In my former life, I worked with a higher education marketing firm. From the University of Miami to Agnes Scott College to Fairfield University and anyone in between, this organization was the go-to group for all things marketing and engagement for colleges and universities across the country. The work I spearheaded was an in-depth study of 100+ higher education strategic plans. The research looked at how and why organizations create strategic plans, and the findings were certainly not ones that were expected. What was found was that, at times, strategic plans are used as an excuse not to pursue innovation or deep community impact.

“Well, that initiative is not a part of our strategic plan.”

“We are only pursuing our strategic initiatives.”

Typically, these are admirable pursuits. But what if the prescriptive nature of strategic plans is detrimental to our organizational and community health? What if, by the time we finished creating our strategic plan, the community’s needs shifted?
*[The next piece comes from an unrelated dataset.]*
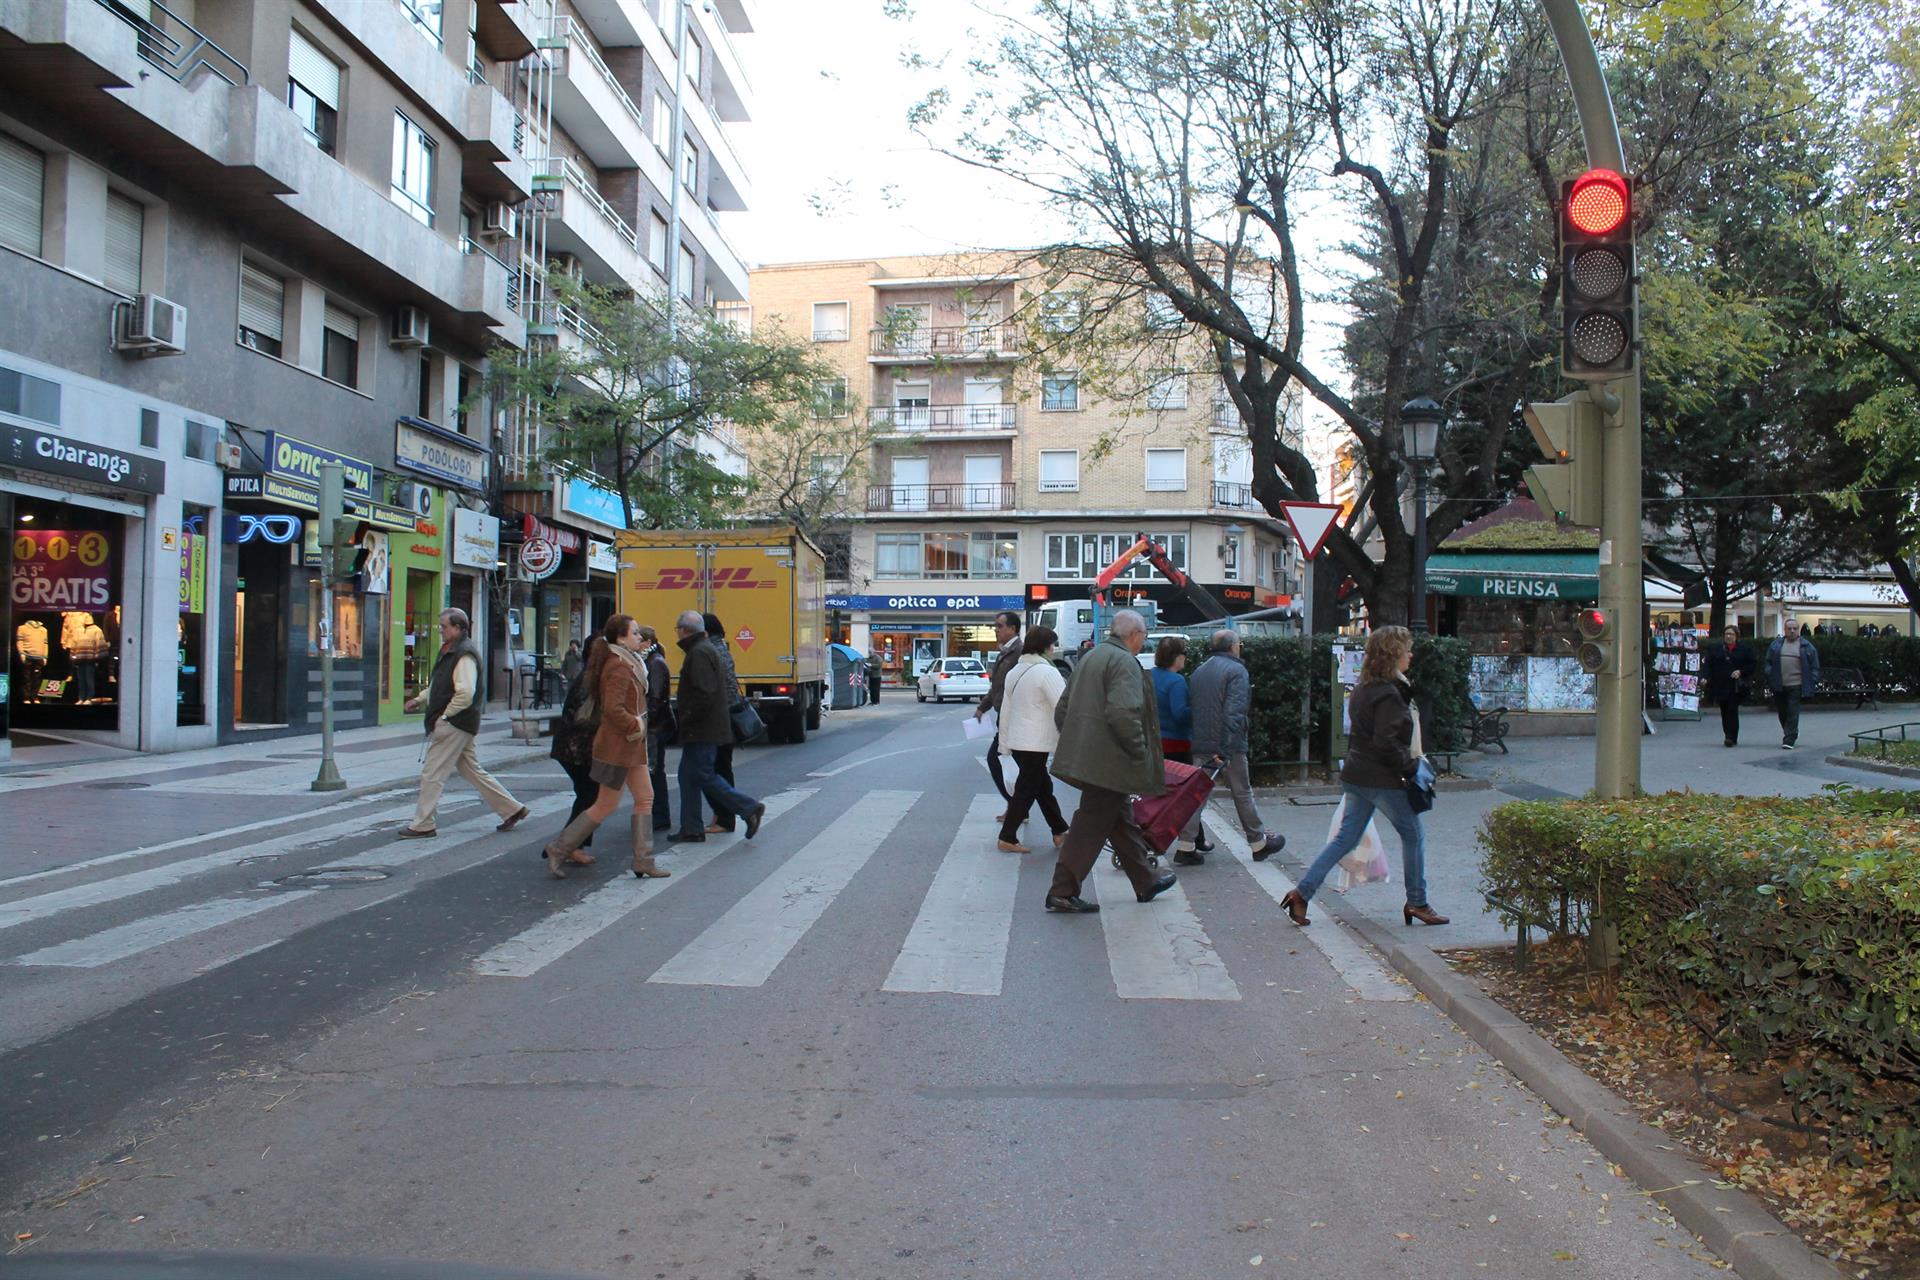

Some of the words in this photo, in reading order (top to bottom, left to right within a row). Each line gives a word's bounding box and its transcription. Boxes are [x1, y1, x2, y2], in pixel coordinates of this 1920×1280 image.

Now we are left with antiquated strategic goals and imperatives. What if the strategy in our organizations could play out in a less prescriptive way and be centered more on discernment?

The Patterson Foundation (TPF) recently hosted Rich Harwood, founder of The Harwood Institute for Public Innovation. Rich spent two days at three events in the Suncoast region of Florida, speaking with community members and offering insights and advice on ways we can move our community forward. Rich also spent time investing in each TPF Fellow by meeting individually with us as we continue to learn how to move the needle as aspiring philanthropic leaders.
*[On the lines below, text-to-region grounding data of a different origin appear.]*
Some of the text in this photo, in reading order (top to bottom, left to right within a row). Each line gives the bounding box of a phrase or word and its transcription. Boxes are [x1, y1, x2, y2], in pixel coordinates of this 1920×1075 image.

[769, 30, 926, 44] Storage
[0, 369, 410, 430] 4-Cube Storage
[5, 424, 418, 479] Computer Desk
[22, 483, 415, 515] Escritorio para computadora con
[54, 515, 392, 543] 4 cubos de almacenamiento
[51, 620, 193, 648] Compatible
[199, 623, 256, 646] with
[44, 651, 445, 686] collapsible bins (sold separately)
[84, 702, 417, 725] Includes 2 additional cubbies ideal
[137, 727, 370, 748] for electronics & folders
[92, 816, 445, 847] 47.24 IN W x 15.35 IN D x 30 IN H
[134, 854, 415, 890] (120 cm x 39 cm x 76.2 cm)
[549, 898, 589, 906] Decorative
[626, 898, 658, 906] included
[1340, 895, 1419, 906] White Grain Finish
Rich mentioned the need for philanthropic leaders to become people who use strategy centered on discernment rather than prescription. Discernment allows us the opportunity for growth, the chance to see new issues emerge, and a way to impact our community as our neighbors continue to inform us of new challenges. Rich spoke to the idea of using strategy road maps rather than plans. Think of your phone’s GPS while using maps today versus previous times when one had to print off a MapQuest step-by-step plan. With a step-by-step plan, if problems emerge, you might be hard-pressed to find new solutions. A wreck, construction, or bottlenecked traffic might ruin your trip. Now your phone, which is tremendous at discerning exactly where you are and precisely what is happening, does an amazing thing: Recalculating. When challenges or roadblocks (literarily) crop up, we can recalculate and find new solutions.
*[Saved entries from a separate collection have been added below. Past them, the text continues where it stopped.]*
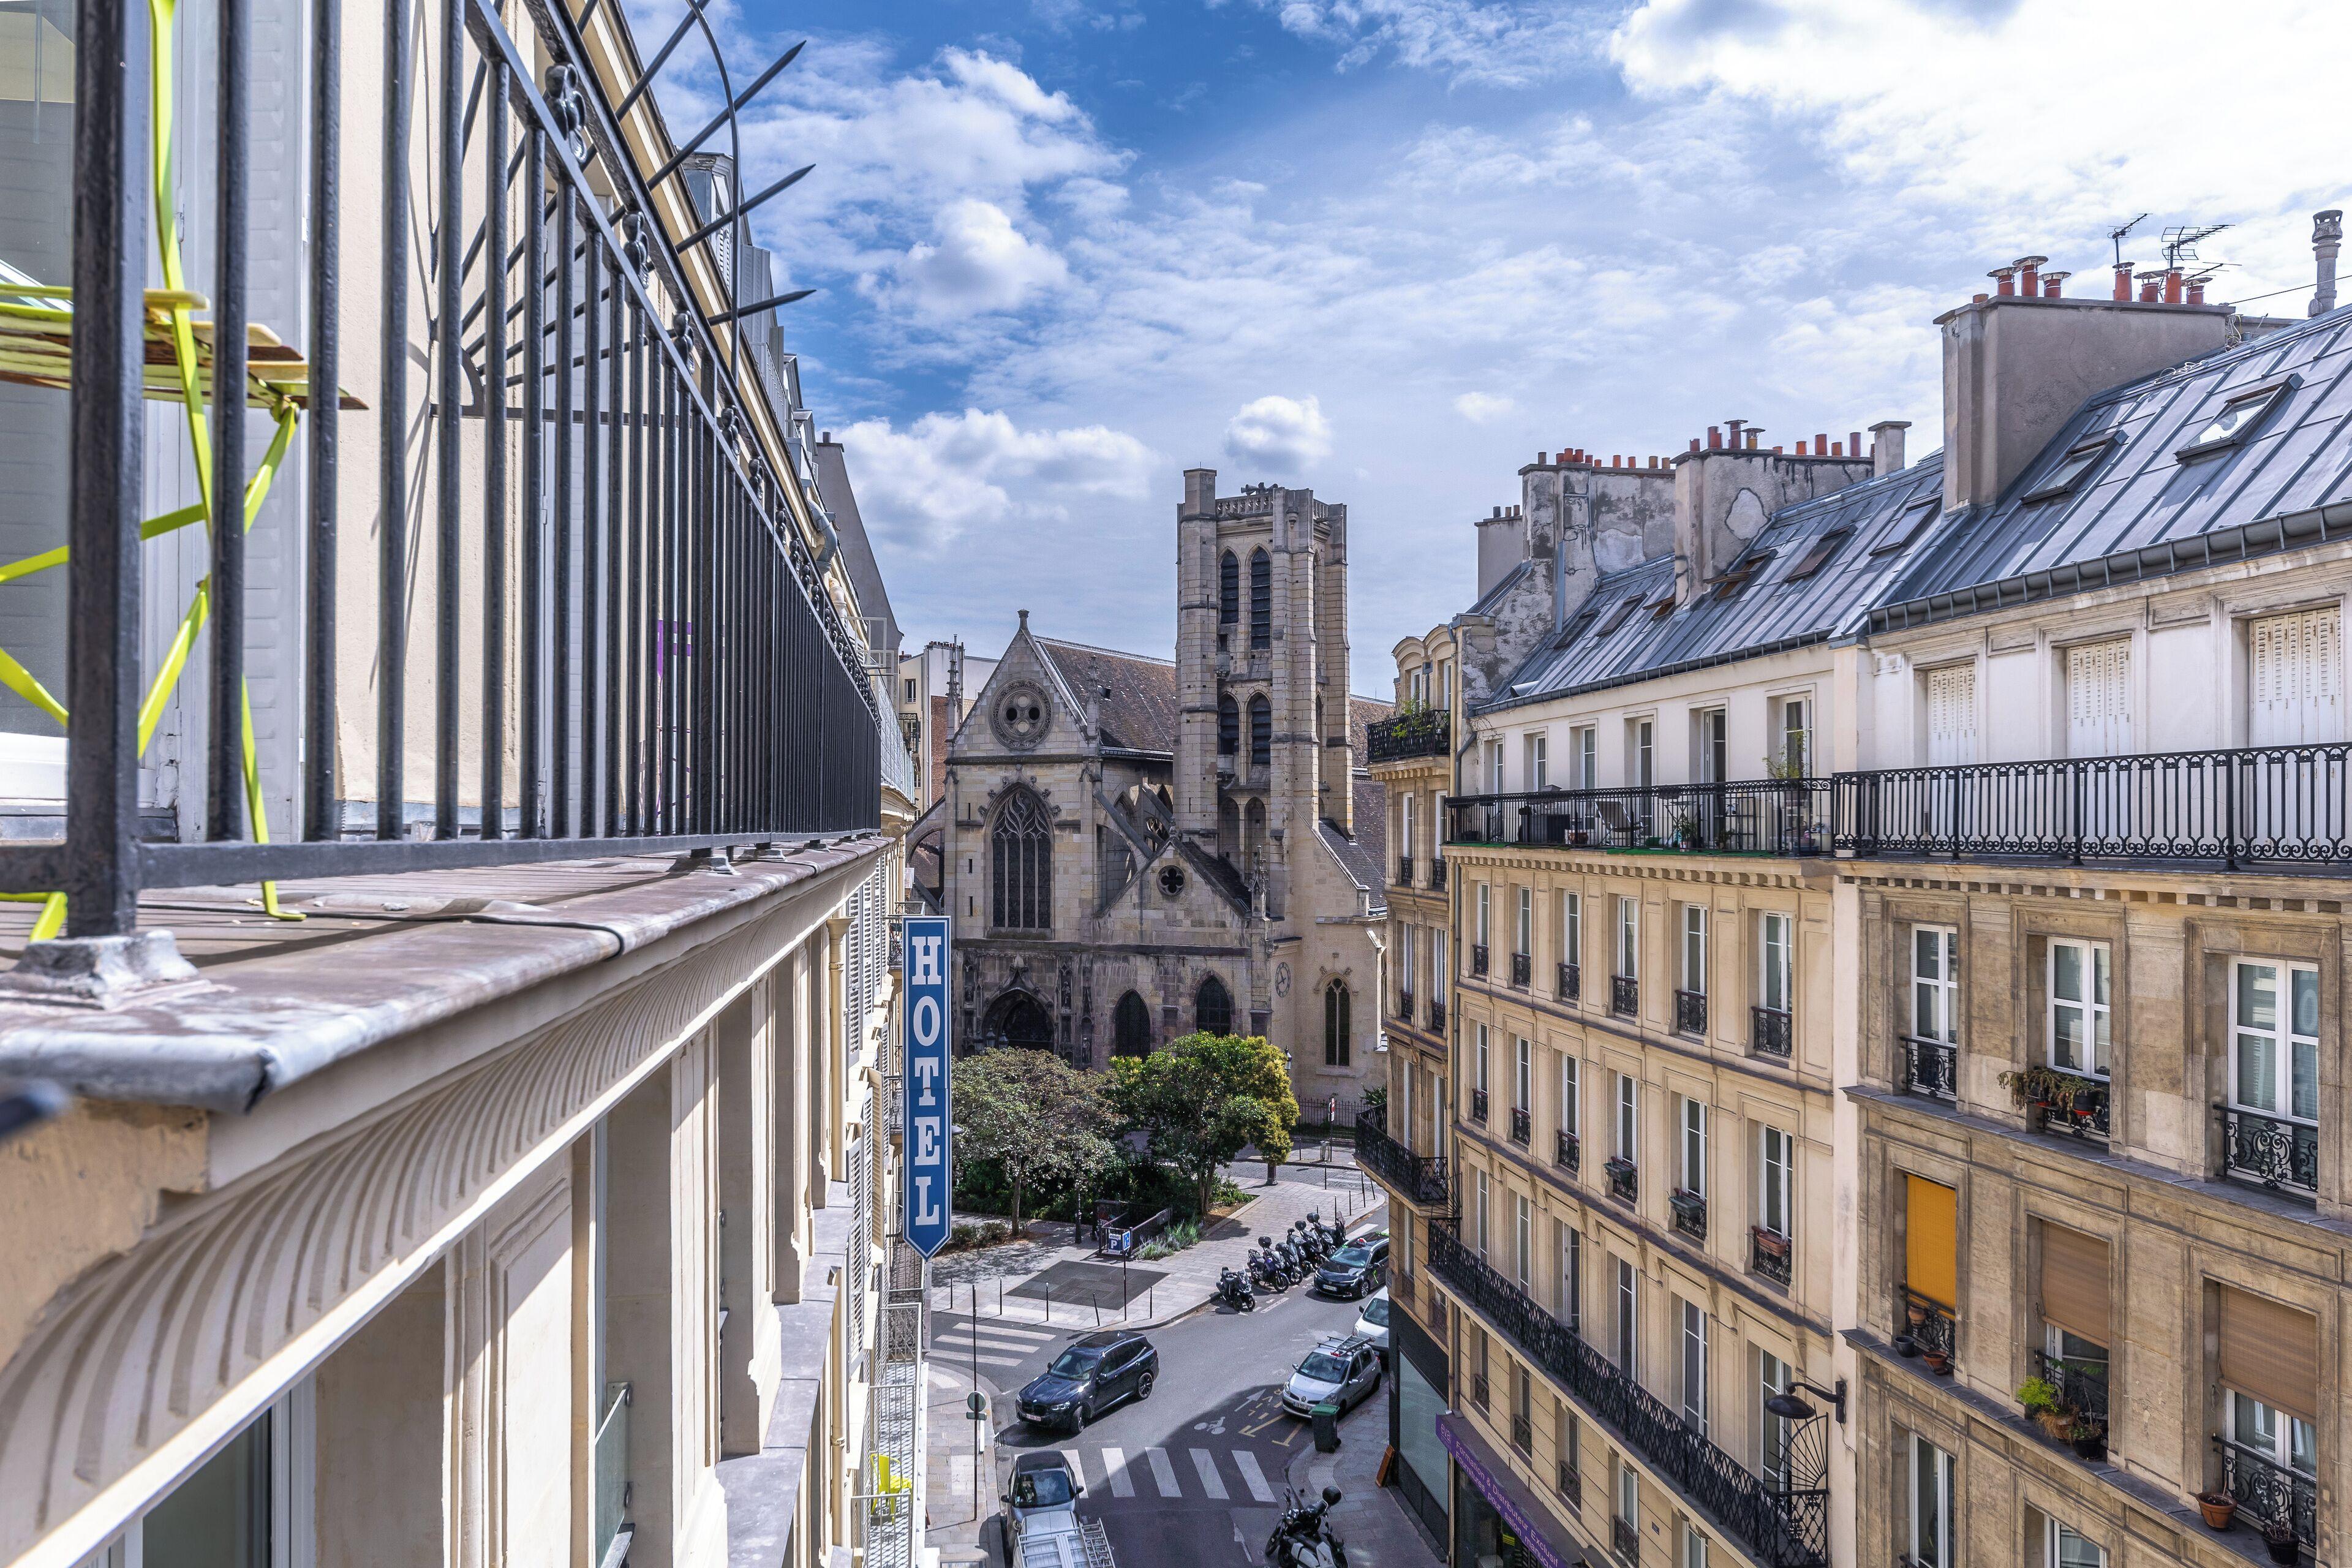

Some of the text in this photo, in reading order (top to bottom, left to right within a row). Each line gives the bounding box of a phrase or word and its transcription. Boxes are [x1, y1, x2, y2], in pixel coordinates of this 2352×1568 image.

[912, 936, 942, 1226] HOTEL
[1111, 1240, 1117, 1249] P
[1455, 1450, 1485, 1492] Fournitures
[1488, 1492, 1502, 1512] pour
[1504, 1512, 1521, 1536] salon
[1456, 1441, 1558, 1567] Formation & Distributeur Exclusif
Obviously, this is not the world’s most perfect example (most of our recalculating abilities are due to remarkable technological advances). However, the principle is the same. If our organizations were tremendous recalculators, what would our communities look like? If organizations discern upcoming roadblocks and learn detours through open communication and interactions with our community, we could scale our impact. This is not a ploy to throw the word strategy out the window. Quite the opposite. Being people of discernment takes an insane amount of strategy. We must do our research, know who the voices in the community are, know what plan A is, and also understand plans B-Z.

May we strive to discern rather than prescribe, and may our discernment help lead our organizations, communities, and world to new heights.